Data to use
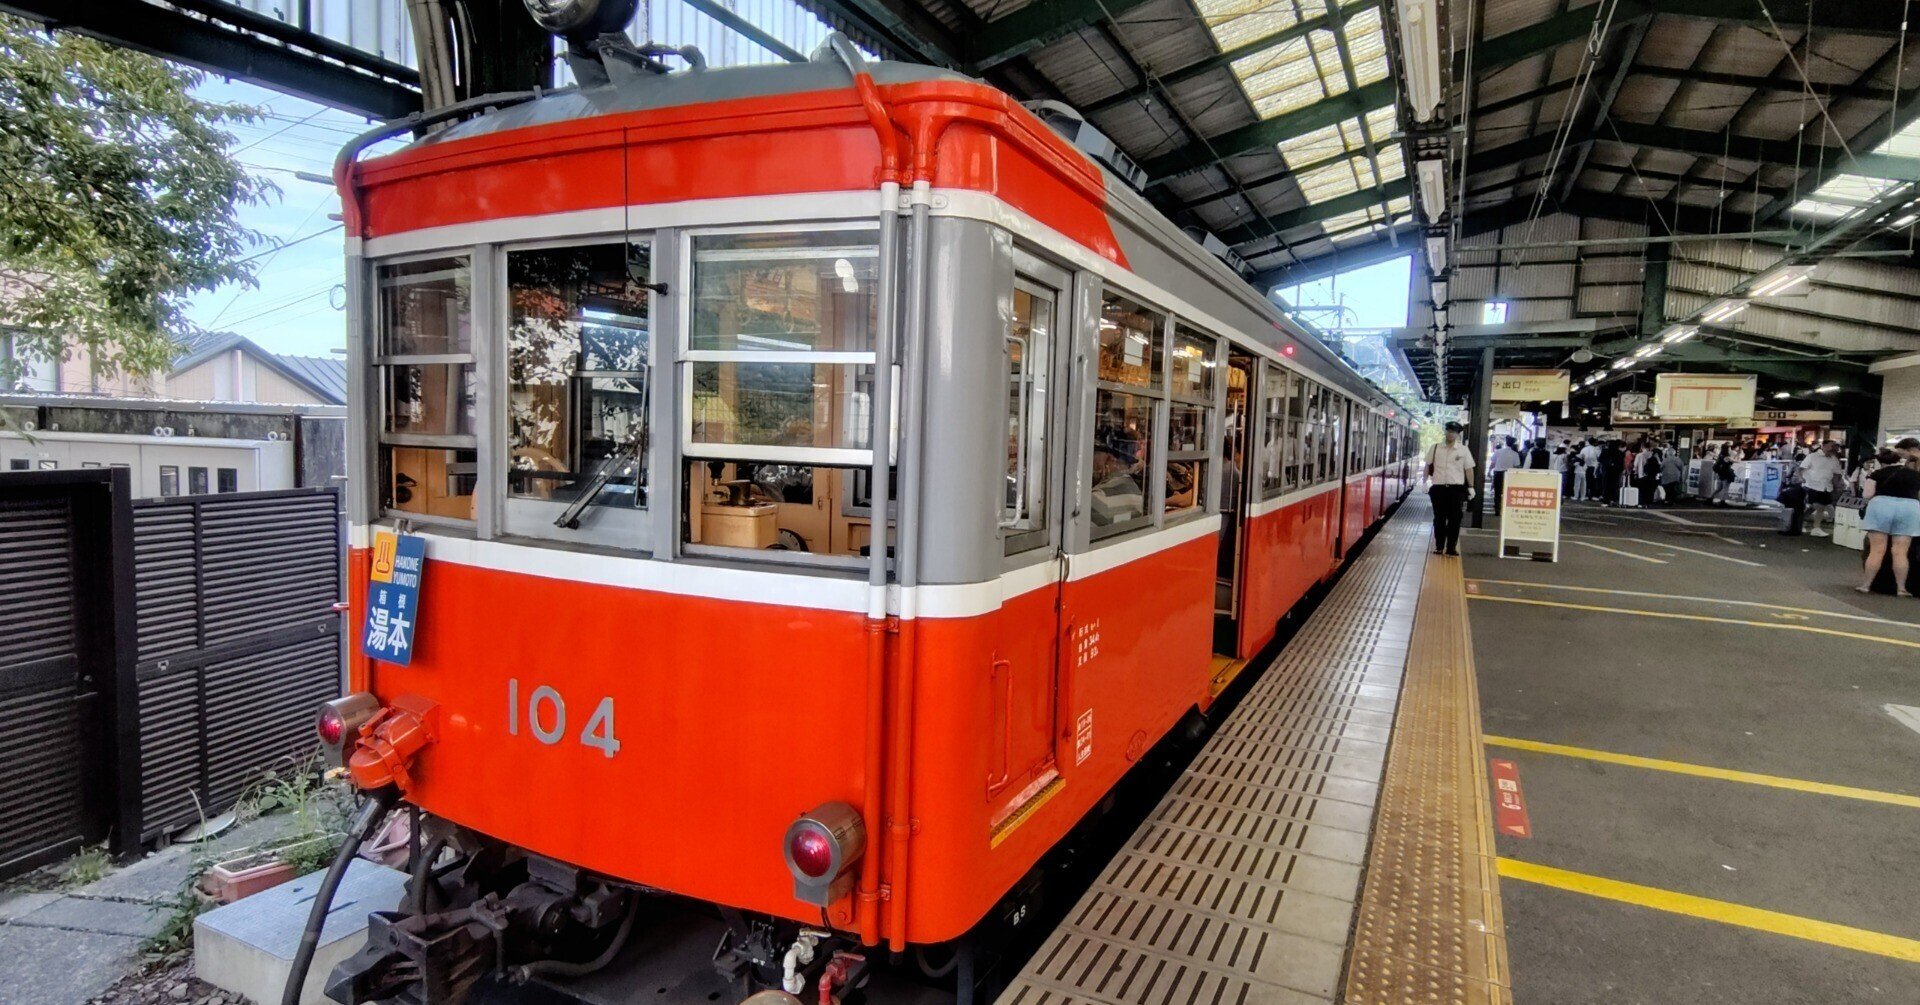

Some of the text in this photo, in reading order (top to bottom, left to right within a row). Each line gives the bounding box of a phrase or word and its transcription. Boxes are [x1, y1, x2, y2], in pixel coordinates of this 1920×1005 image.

[1502, 381, 1521, 389] 出口
[395, 555, 419, 571] HAKONE
[393, 572, 417, 588] YUMOTO
[367, 606, 411, 656] 湯本
[509, 678, 621, 758] 104
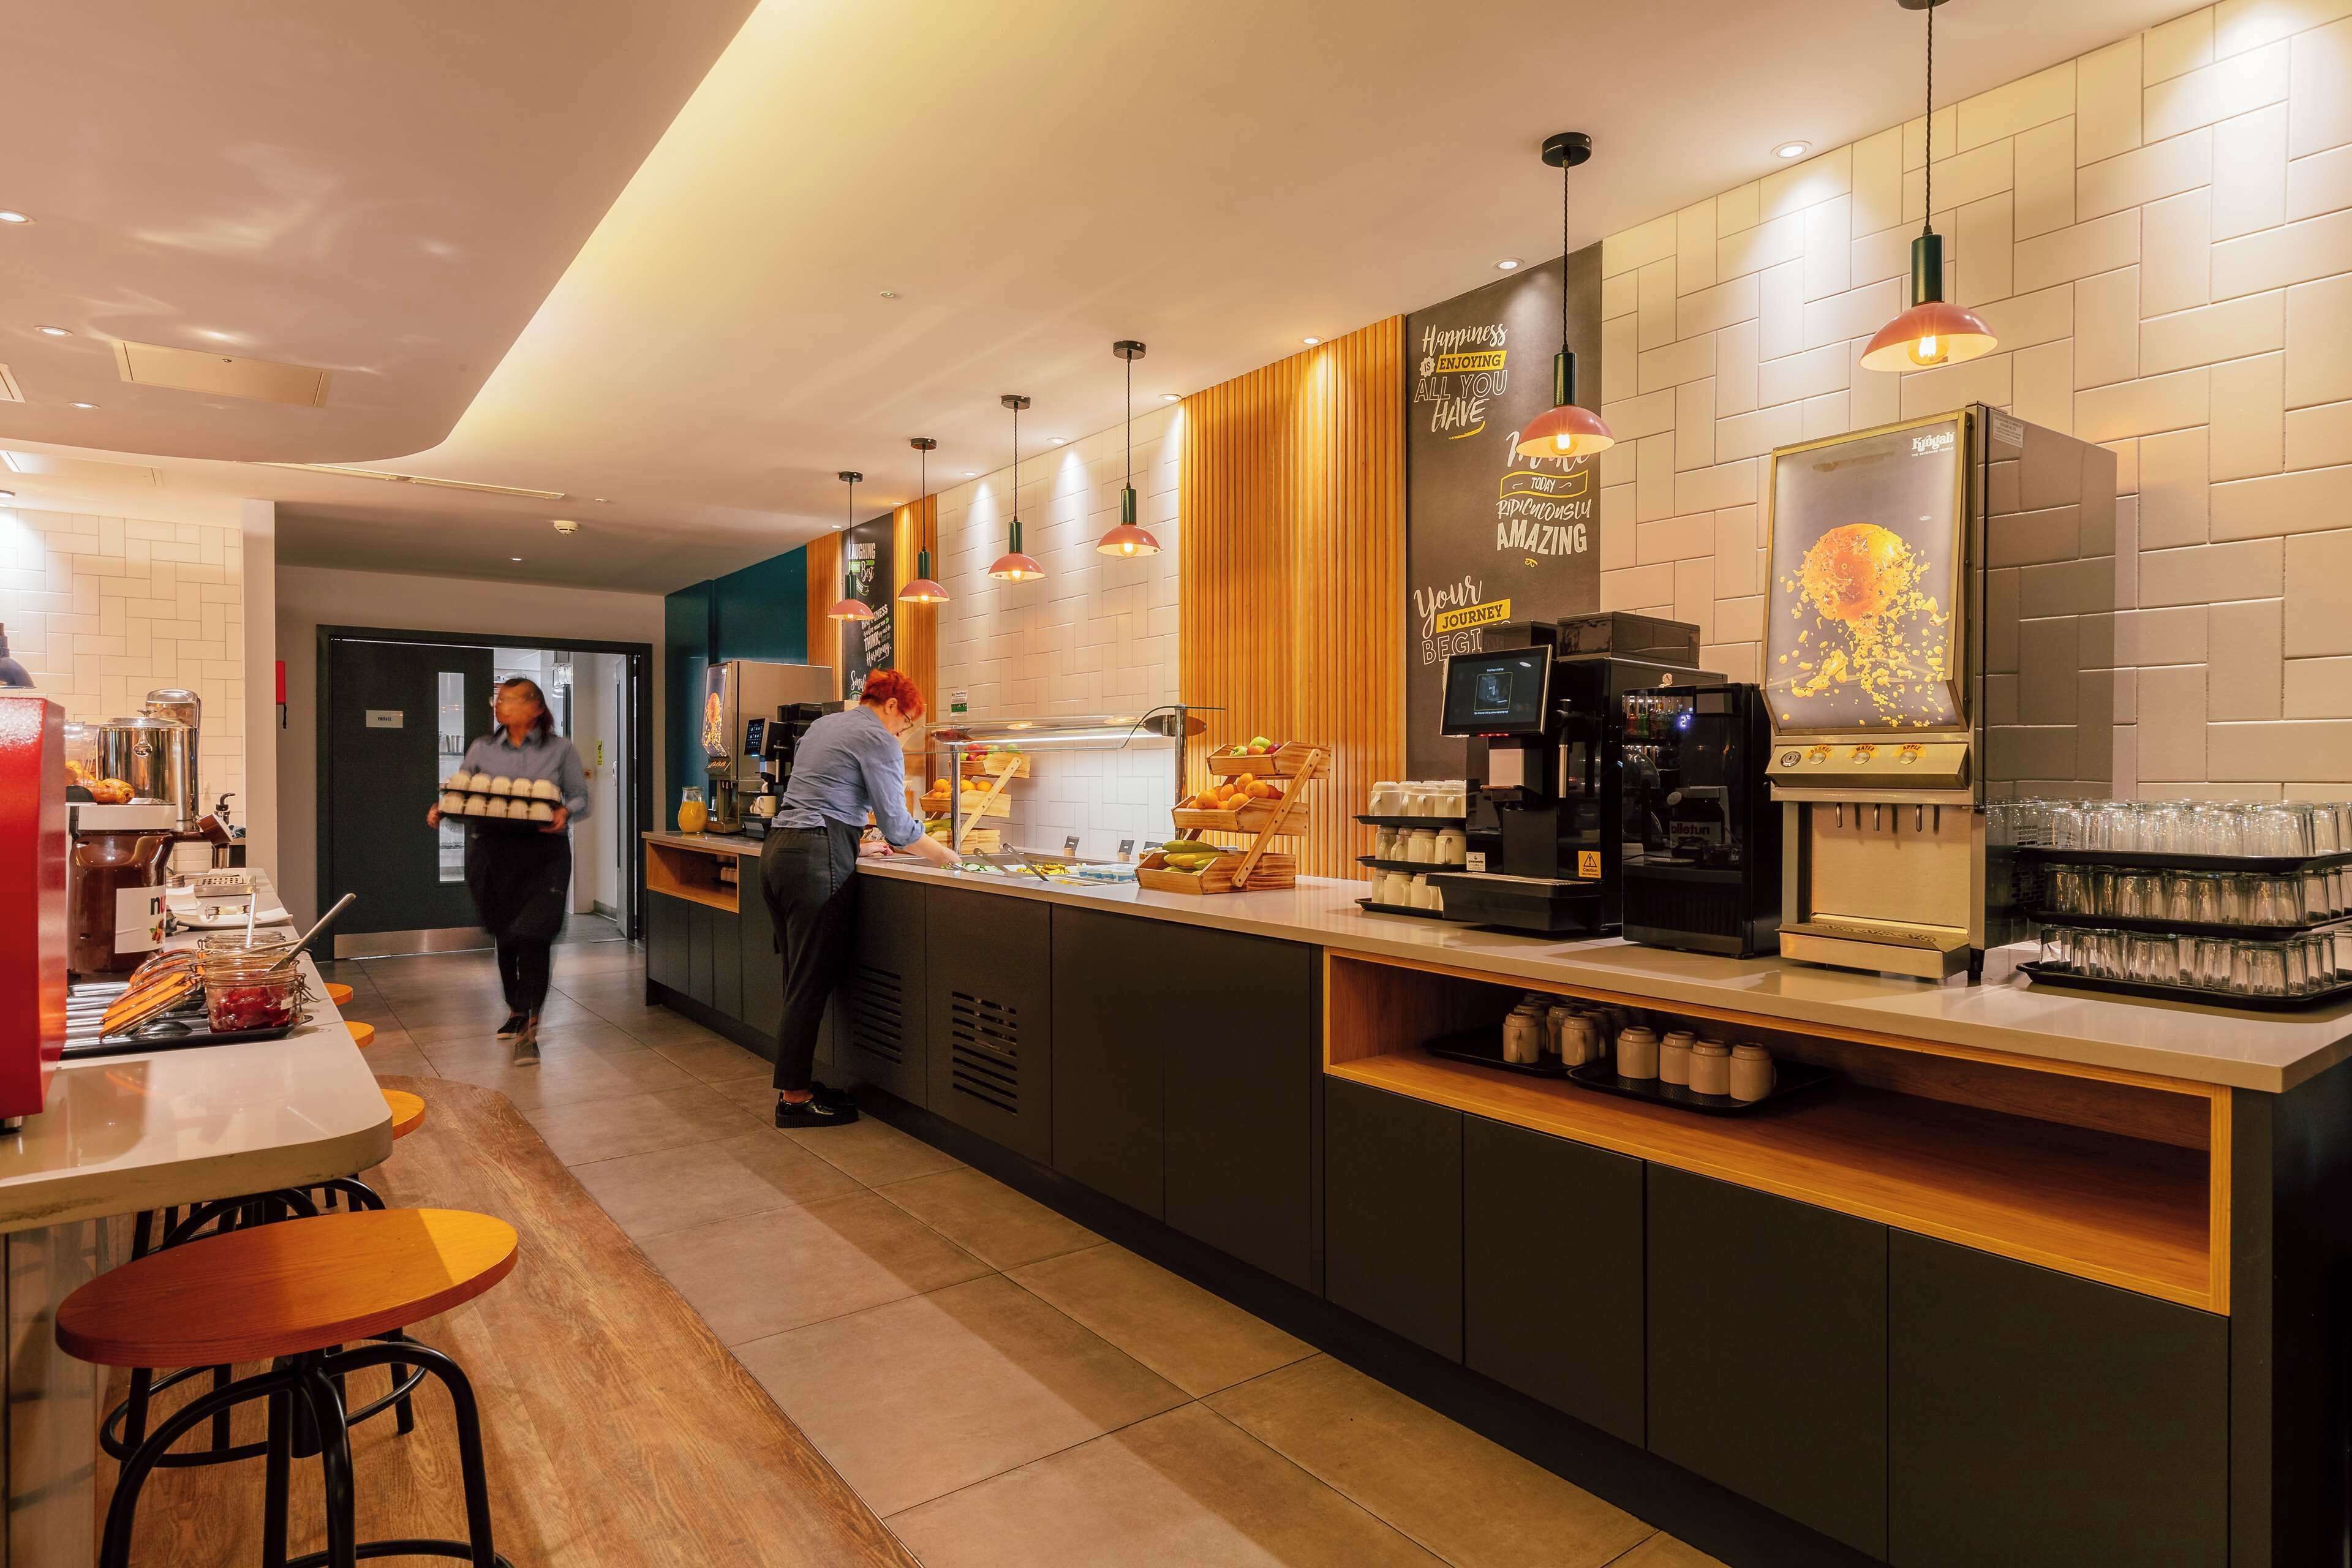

Description of the task
Restate the full listing verbatim and drop every picture.

Answer to this exercise
Some of the text in this photo, in reading order (top to bottom, left to right within a row). Each line gives the bounding box of a phrase or word and its transcription. Boxes are [x1, y1, x2, y2], in pixel coordinates of this 1920×1005 image.

[1502, 381, 1521, 389] 出口
[395, 555, 419, 571] HAKONE
[393, 572, 417, 588] YUMOTO
[367, 606, 411, 656] 湯本
[509, 678, 621, 758] 104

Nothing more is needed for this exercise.